Task statement –
Output every entry below word for word, without its pictures.

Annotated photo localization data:
········

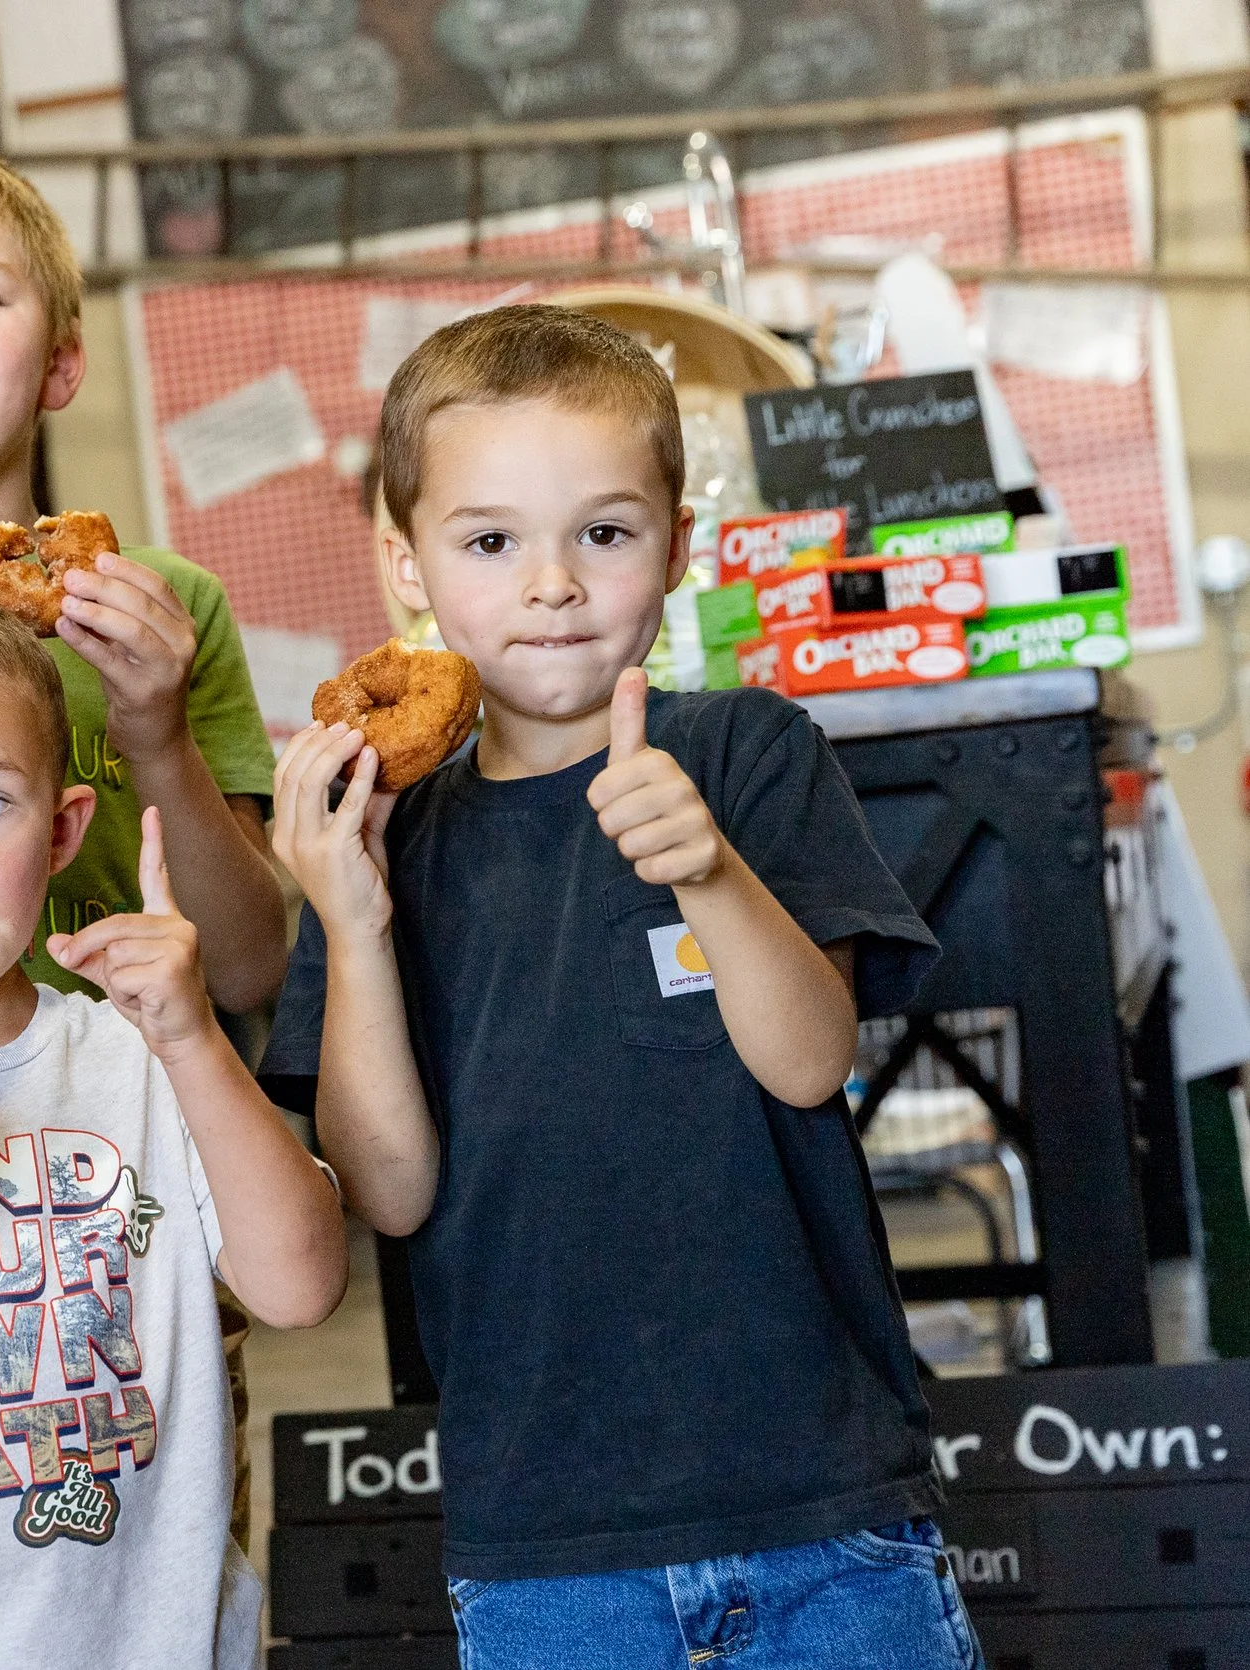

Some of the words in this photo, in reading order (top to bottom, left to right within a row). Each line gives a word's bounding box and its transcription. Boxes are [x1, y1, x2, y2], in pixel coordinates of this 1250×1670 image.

[761, 396, 845, 446] Little
[823, 442, 867, 480] for
[792, 623, 921, 676] ORCHARD
[966, 612, 1087, 668] ORCHARD
[669, 973, 712, 987] carhart
[1013, 1404, 1228, 1476] Own:
[62, 1460, 94, 1484] It's
[302, 1426, 442, 1505] Tod
[28, 1490, 109, 1534] Good
[60, 1481, 104, 1513] All

········

Answer space –
Some of the words in this photo, in reading order (top to bottom, left to right within a row). Each line gives a word's bounding box and its transcription. Boxes are [x1, y1, x2, y2], in pixel coordinates of this 1250×1670 image.

[761, 396, 845, 446] Little
[823, 442, 867, 480] for
[792, 623, 921, 676] ORCHARD
[966, 612, 1087, 668] ORCHARD
[669, 973, 712, 987] carhart
[1013, 1404, 1228, 1476] Own:
[62, 1460, 94, 1484] It's
[302, 1426, 442, 1505] Tod
[28, 1490, 109, 1534] Good
[60, 1481, 104, 1513] All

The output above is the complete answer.